:: YOUR OBJECTIVE ::
Word for word, write the records out again, but omit each picture.

:: INPUT FOR THIS TASK ::

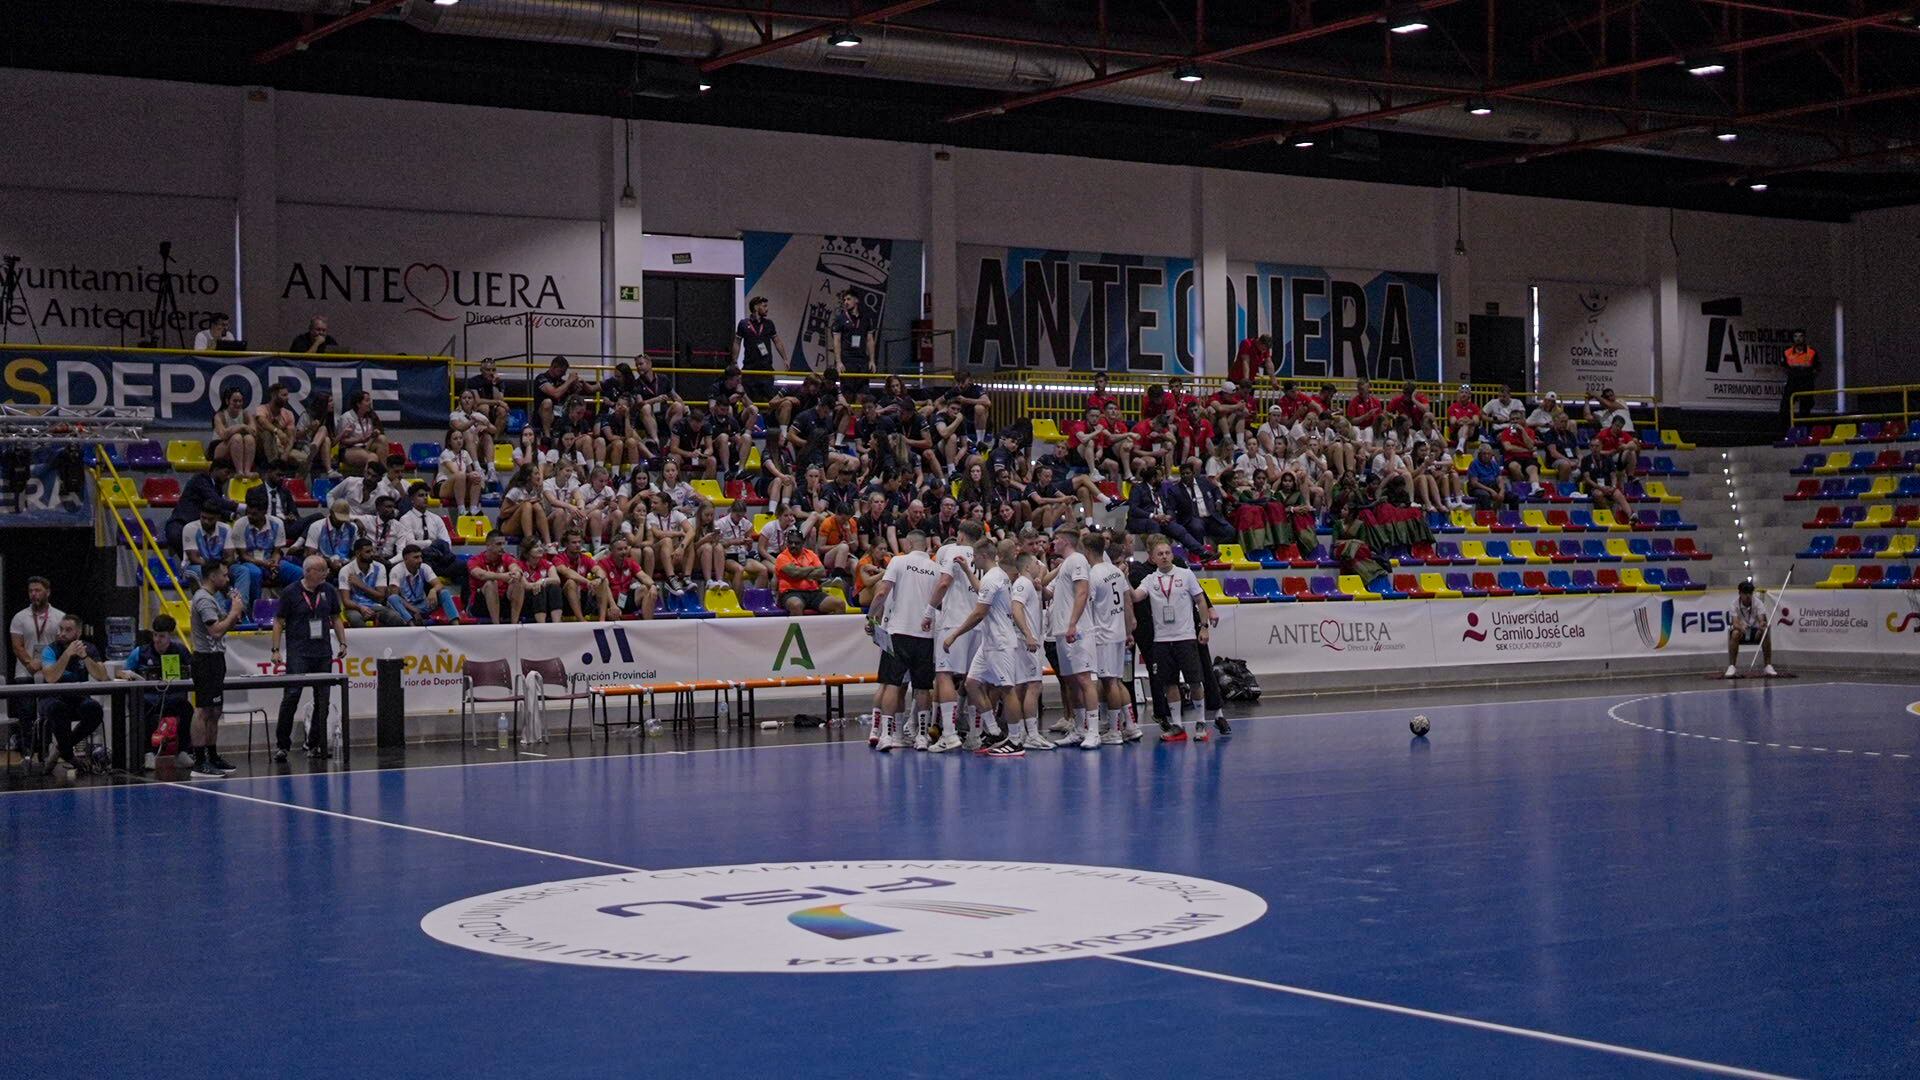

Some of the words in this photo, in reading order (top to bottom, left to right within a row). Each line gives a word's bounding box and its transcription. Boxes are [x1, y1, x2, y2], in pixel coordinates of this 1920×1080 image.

[0, 264, 219, 295] untamiento
[282, 262, 565, 321] ANTEQUERA
[41, 299, 214, 338] Antequera
[465, 311, 511, 326] Directa
[544, 315, 595, 328] corazón
[1570, 346, 1593, 356] COPA
[1603, 348, 1618, 358] REY
[1572, 358, 1580, 366] DE
[1714, 384, 1762, 395] PATRIMONIO
[906, 565, 935, 576] POLSKA
[1111, 582, 1120, 605] 5
[1491, 610, 1559, 625] Universidad
[1799, 607, 1850, 617] Universidad
[1799, 617, 1828, 627] Camilo
[1829, 617, 1849, 627] José
[1850, 618, 1868, 628] Cela
[1268, 620, 1391, 651] ANTEQUERA
[1494, 626, 1534, 641] Camilo
[1535, 624, 1561, 640] José
[1562, 624, 1585, 638] Cela
[566, 672, 610, 682] iputción
[612, 669, 656, 680] Provincial
[346, 680, 378, 690] Consej
[420, 678, 431, 686] de
[433, 676, 464, 687] Deport
[560, 948, 693, 965] FISU
[785, 952, 939, 966] 2024
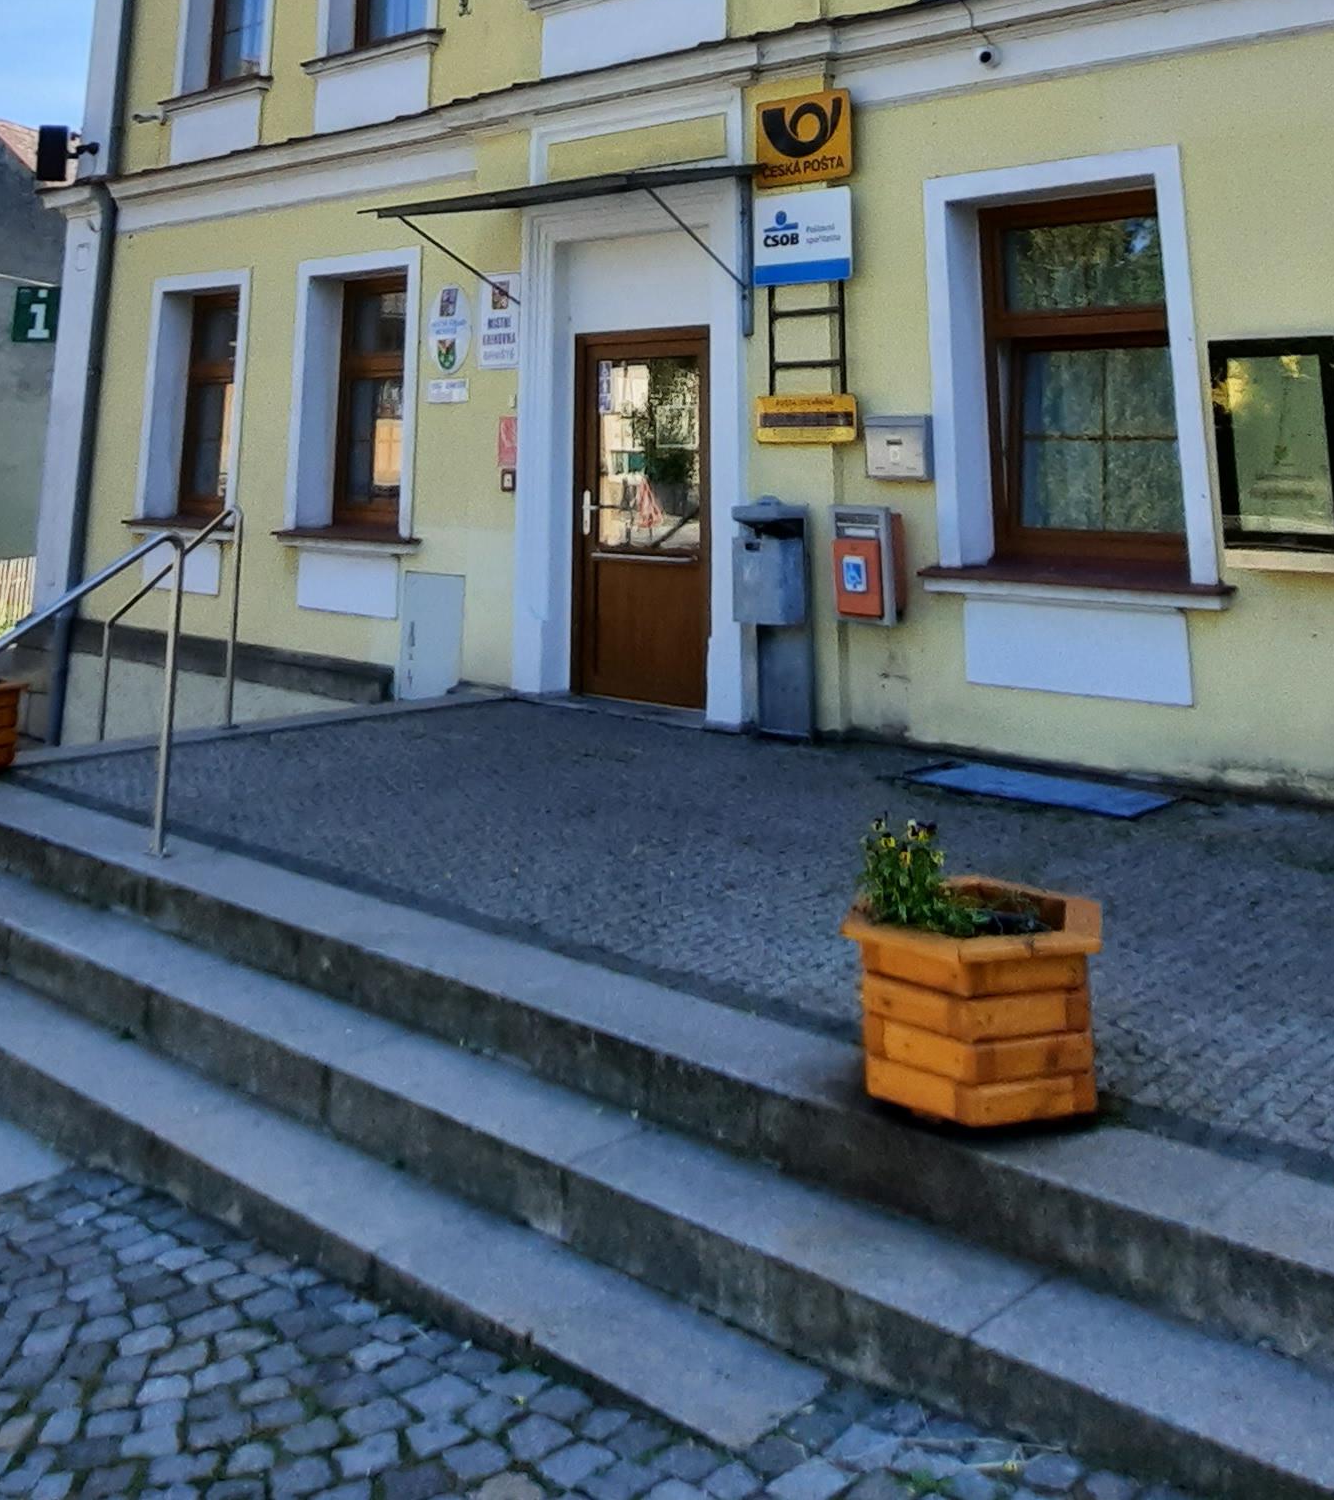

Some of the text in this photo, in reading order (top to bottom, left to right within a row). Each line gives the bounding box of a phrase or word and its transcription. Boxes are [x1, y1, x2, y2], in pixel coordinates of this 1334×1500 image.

[762, 155, 844, 179] ČESKÁ POŠTA
[763, 232, 799, 248] ČSOB

:: RESPONSE AREA ::
Some of the words in this photo, in reading order (top to bottom, left to right within a row). Each line gives a word's bounding box and its transcription. Boxes are [x1, y1, x2, y2], in pixel coordinates of this 1920×1080 image.

[0, 264, 219, 295] untamiento
[282, 262, 565, 321] ANTEQUERA
[41, 299, 214, 338] Antequera
[465, 311, 511, 326] Directa
[544, 315, 595, 328] corazón
[1570, 346, 1593, 356] COPA
[1603, 348, 1618, 358] REY
[1572, 358, 1580, 366] DE
[1714, 384, 1762, 395] PATRIMONIO
[906, 565, 935, 576] POLSKA
[1111, 582, 1120, 605] 5
[1491, 610, 1559, 625] Universidad
[1799, 607, 1850, 617] Universidad
[1799, 617, 1828, 627] Camilo
[1829, 617, 1849, 627] José
[1850, 618, 1868, 628] Cela
[1268, 620, 1391, 651] ANTEQUERA
[1494, 626, 1534, 641] Camilo
[1535, 624, 1561, 640] José
[1562, 624, 1585, 638] Cela
[566, 672, 610, 682] iputción
[612, 669, 656, 680] Provincial
[346, 680, 378, 690] Consej
[420, 678, 431, 686] de
[433, 676, 464, 687] Deport
[560, 948, 693, 965] FISU
[785, 952, 939, 966] 2024

Some of the text in this photo, in reading order (top to bottom, left to right within a row). Each line gives the bounding box of a phrase or word and its transcription. Boxes are [x1, y1, x2, y2], in pixel coordinates of this 1334×1500 image.

[762, 155, 844, 179] ČESKÁ POŠTA
[763, 232, 799, 248] ČSOB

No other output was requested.